[Start of section]

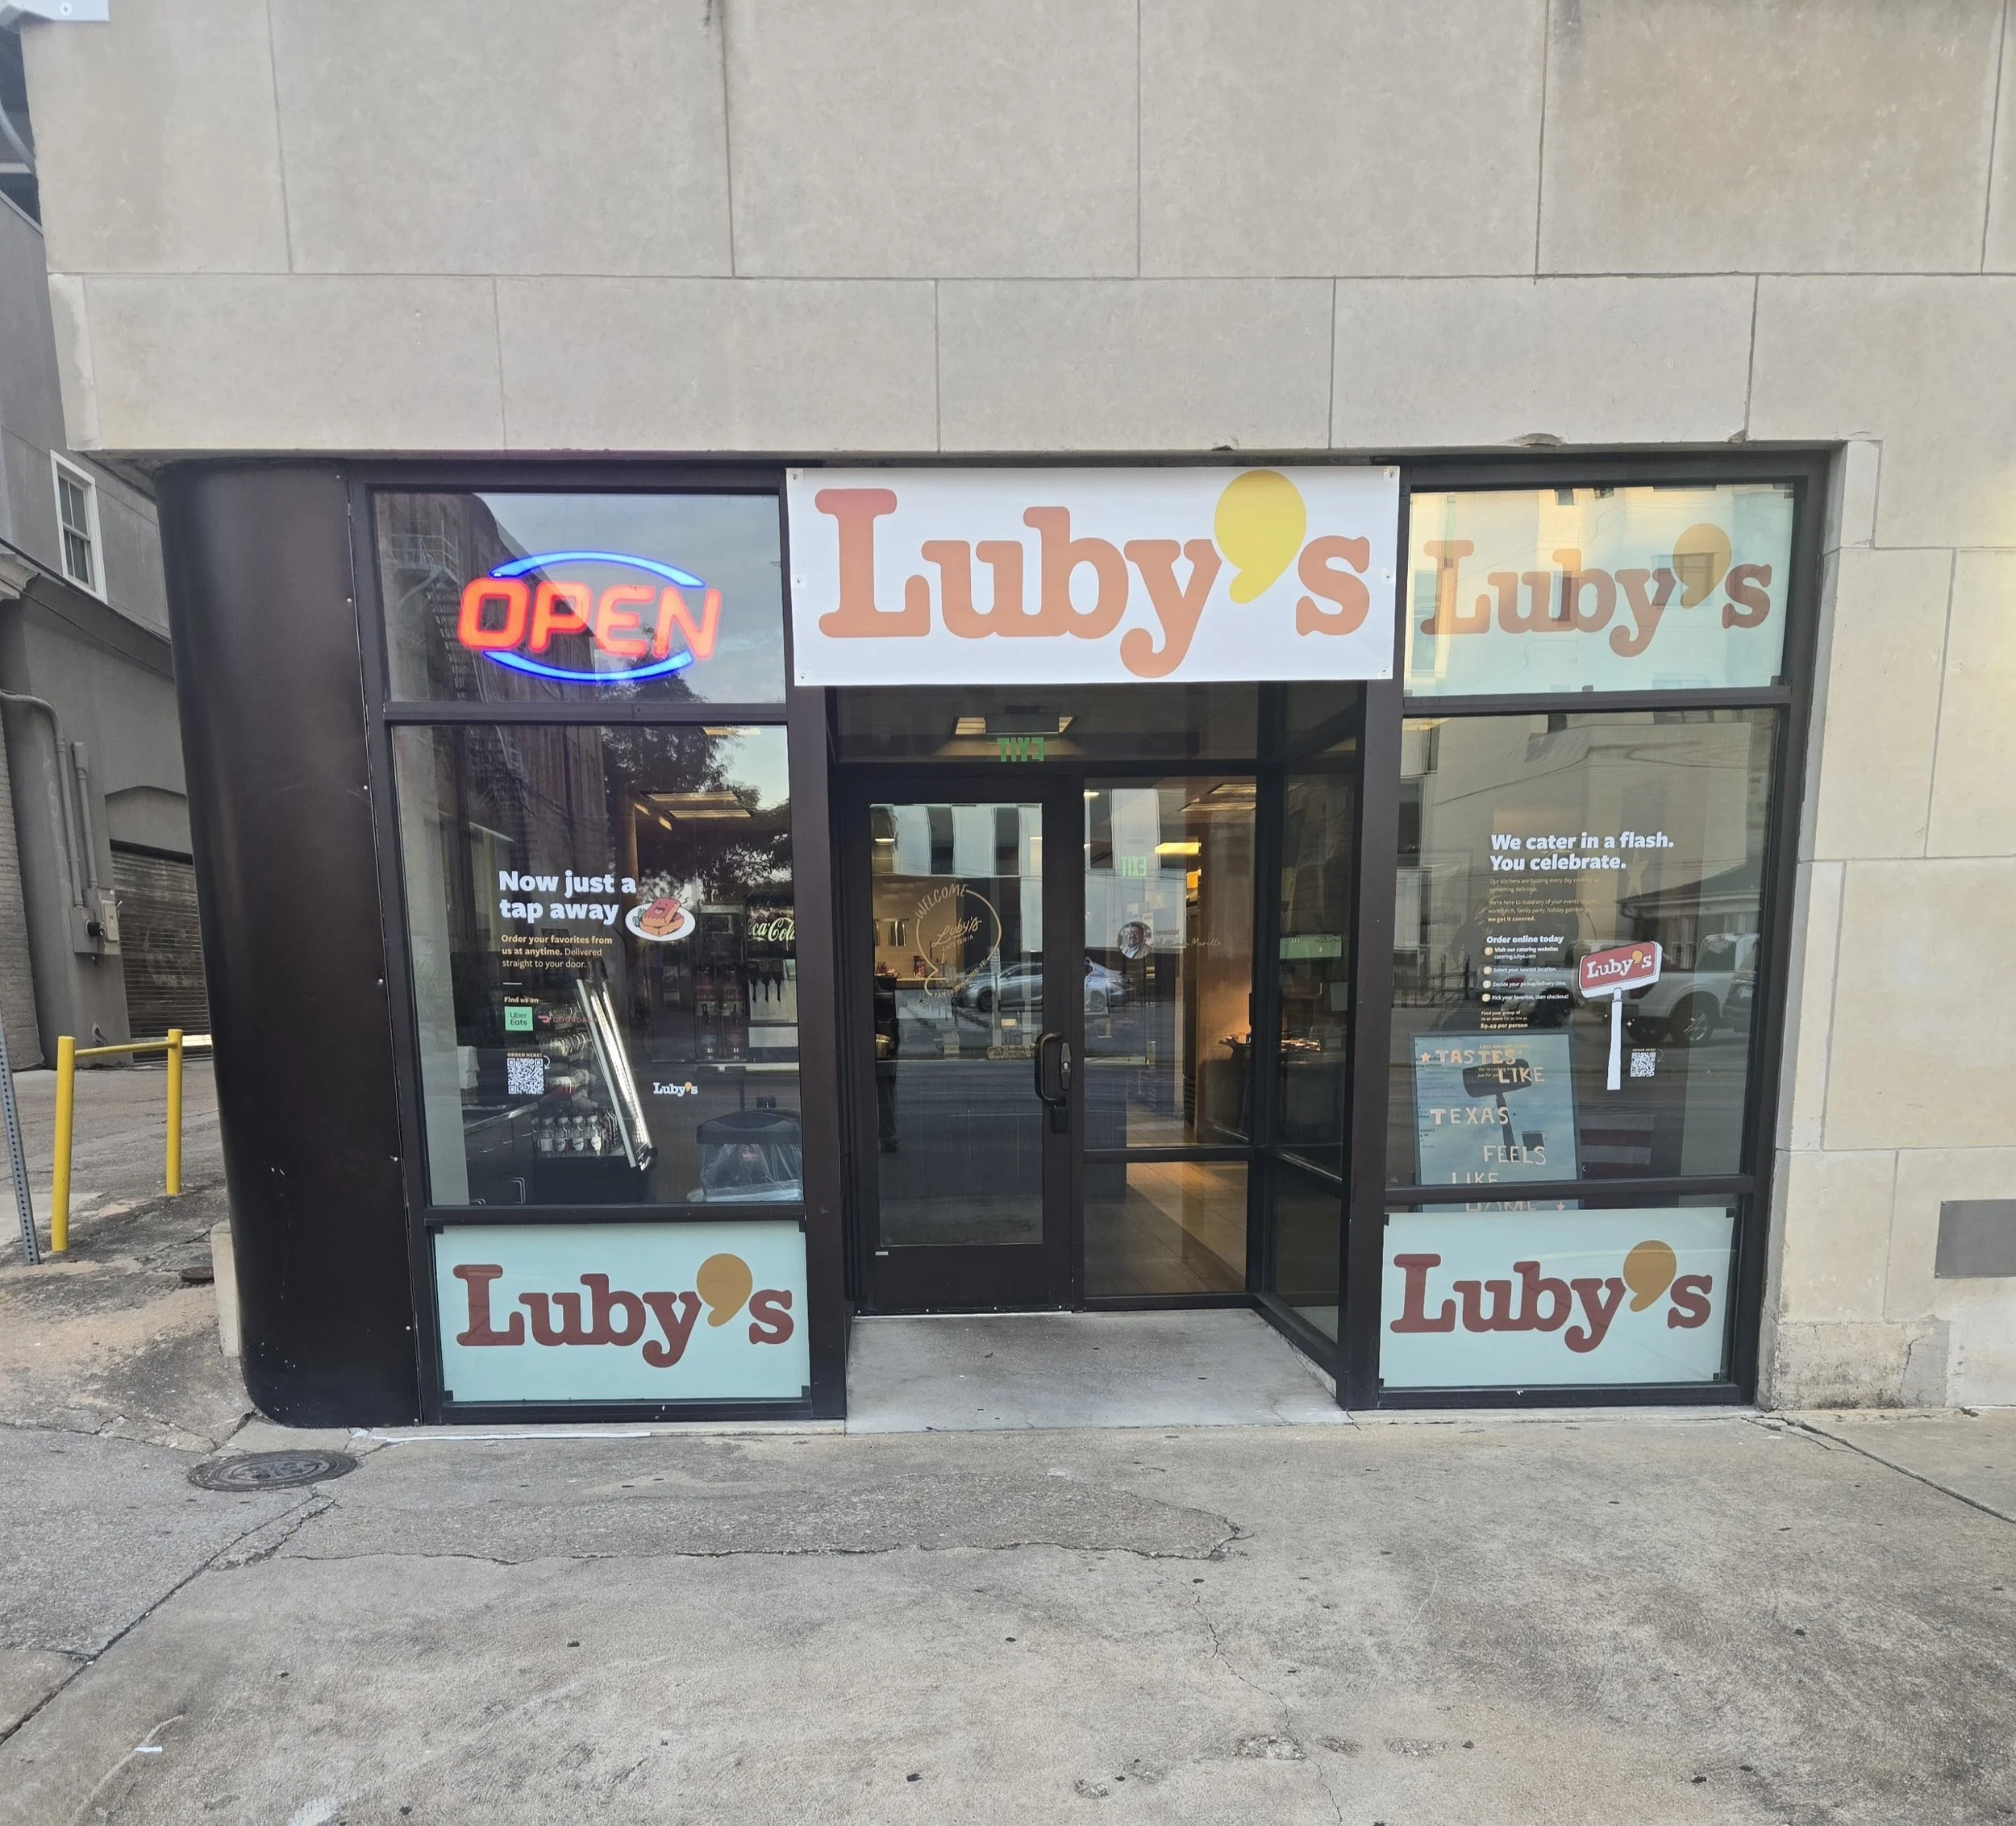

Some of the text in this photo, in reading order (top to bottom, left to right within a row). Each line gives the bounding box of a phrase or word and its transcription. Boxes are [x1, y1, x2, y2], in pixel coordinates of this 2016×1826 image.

[814, 469, 1371, 678] Luby's
[1420, 522, 1772, 658] Luby's
[457, 577, 722, 660] OPEN
[1491, 831, 1674, 850] We cater in a flash.
[1490, 854, 1627, 871] You celebrate.
[499, 869, 636, 898] Now just a
[500, 899, 619, 925] tap away
[915, 884, 968, 919] WELCOME
[528, 936, 549, 945] your
[550, 935, 589, 944] favorites
[591, 935, 612, 944] from
[931, 916, 982, 948] Luby's
[1486, 935, 1564, 944] Order online today
[524, 947, 562, 957] anytime.
[565, 948, 602, 956] Delivered
[502, 959, 532, 969] straight
[545, 961, 563, 970] your
[566, 960, 586, 968] door.
[1586, 949, 1652, 980] Luby's
[1435, 1050, 1516, 1065] TASTES
[1497, 1067, 1545, 1084] LIKE
[652, 1081, 698, 1097] Luby's
[1430, 1106, 1509, 1125] TEXAS
[1483, 1145, 1547, 1166] FEELS
[1389, 1240, 1713, 1353] Luby's
[452, 1253, 794, 1368] Luby's
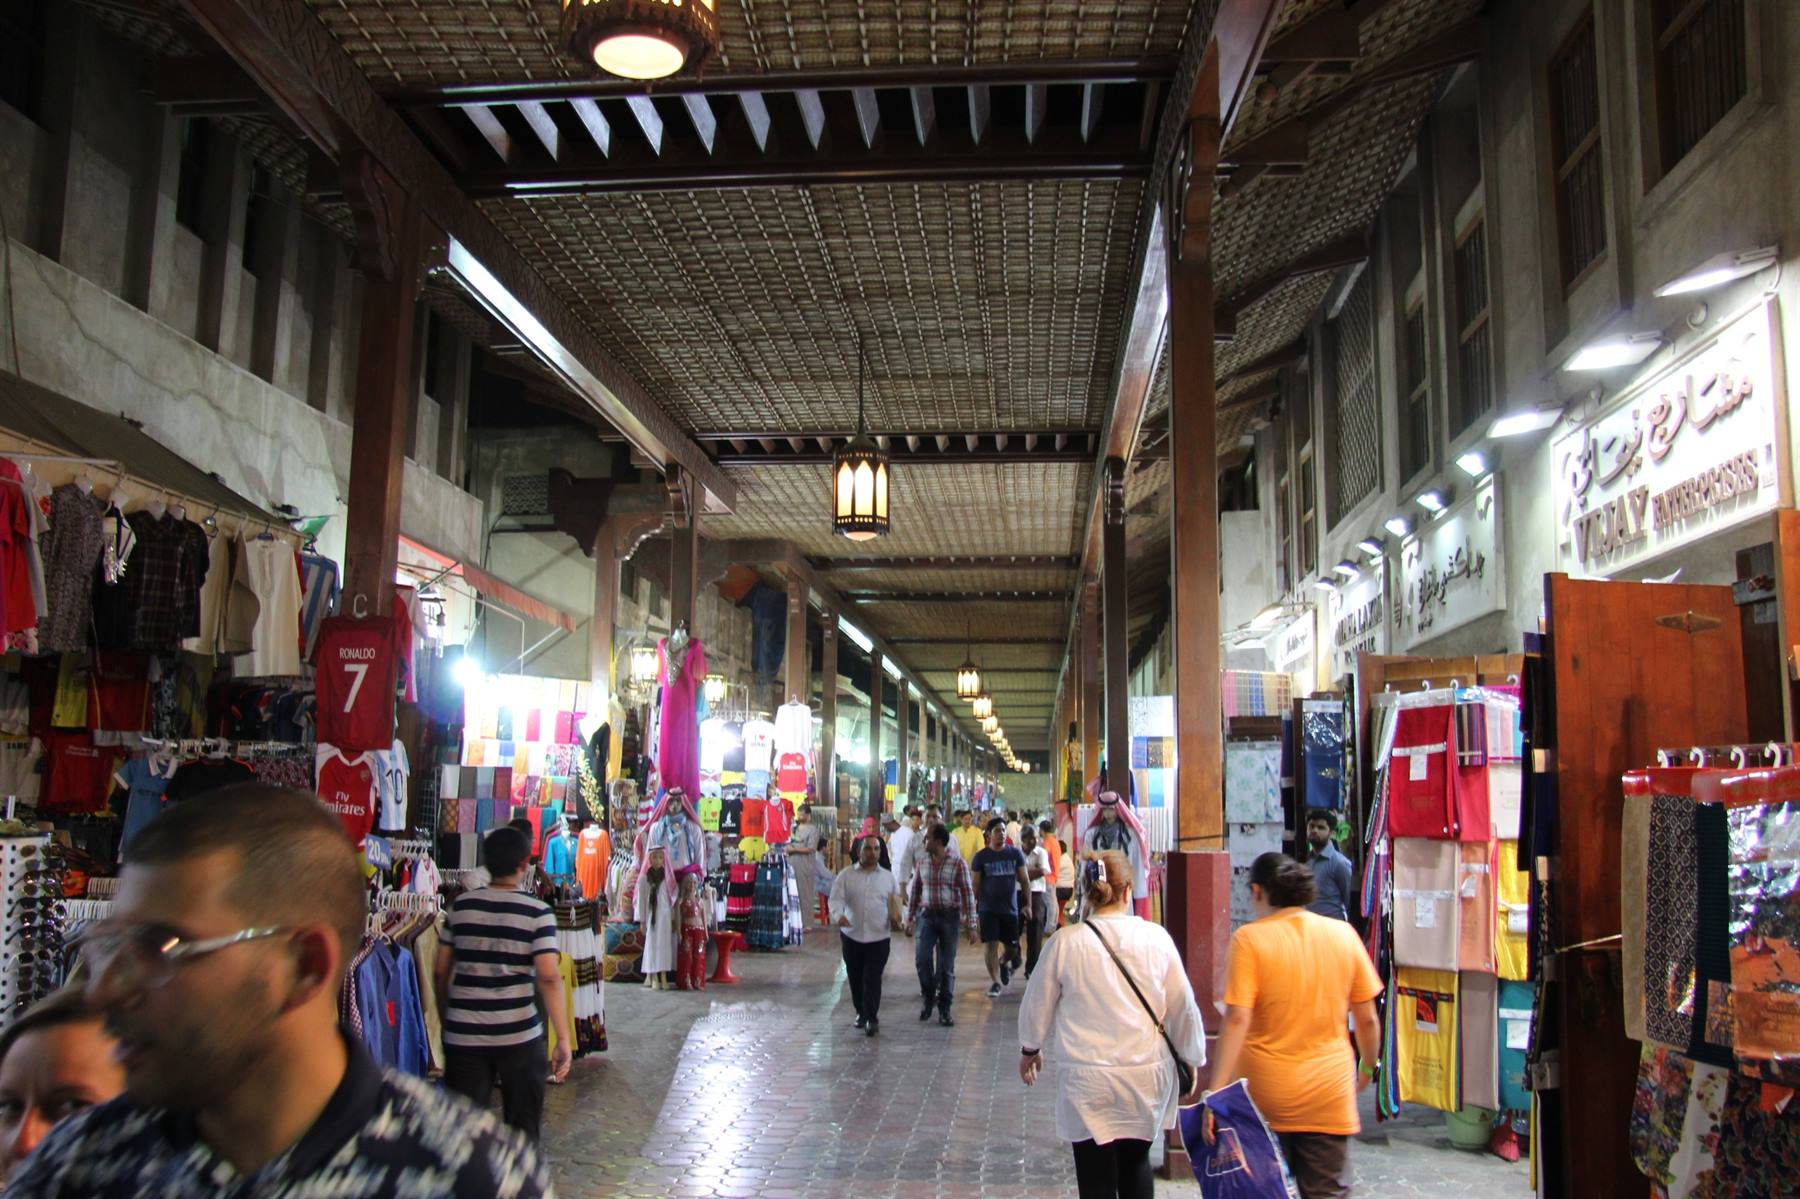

[End of section]

Output the records exactly, pictures excluded.

### Problem solution
Some of the text in this photo, in reading order (top to bottom, left to right within a row). Each line gives the bounding box of a phrase or word and its transcription. Boxes are [x1, y1, x2, y2], in pixel coordinates of this 2016×1826 image.

[814, 469, 1371, 678] Luby's
[1420, 522, 1772, 658] Luby's
[457, 577, 722, 660] OPEN
[1491, 831, 1674, 850] We cater in a flash.
[1490, 854, 1627, 871] You celebrate.
[499, 869, 636, 898] Now just a
[500, 899, 619, 925] tap away
[915, 884, 968, 919] WELCOME
[528, 936, 549, 945] your
[550, 935, 589, 944] favorites
[591, 935, 612, 944] from
[931, 916, 982, 948] Luby's
[1486, 935, 1564, 944] Order online today
[524, 947, 562, 957] anytime.
[565, 948, 602, 956] Delivered
[502, 959, 532, 969] straight
[545, 961, 563, 970] your
[566, 960, 586, 968] door.
[1586, 949, 1652, 980] Luby's
[1435, 1050, 1516, 1065] TASTES
[1497, 1067, 1545, 1084] LIKE
[652, 1081, 698, 1097] Luby's
[1430, 1106, 1509, 1125] TEXAS
[1483, 1145, 1547, 1166] FEELS
[1389, 1240, 1713, 1353] Luby's
[452, 1253, 794, 1368] Luby's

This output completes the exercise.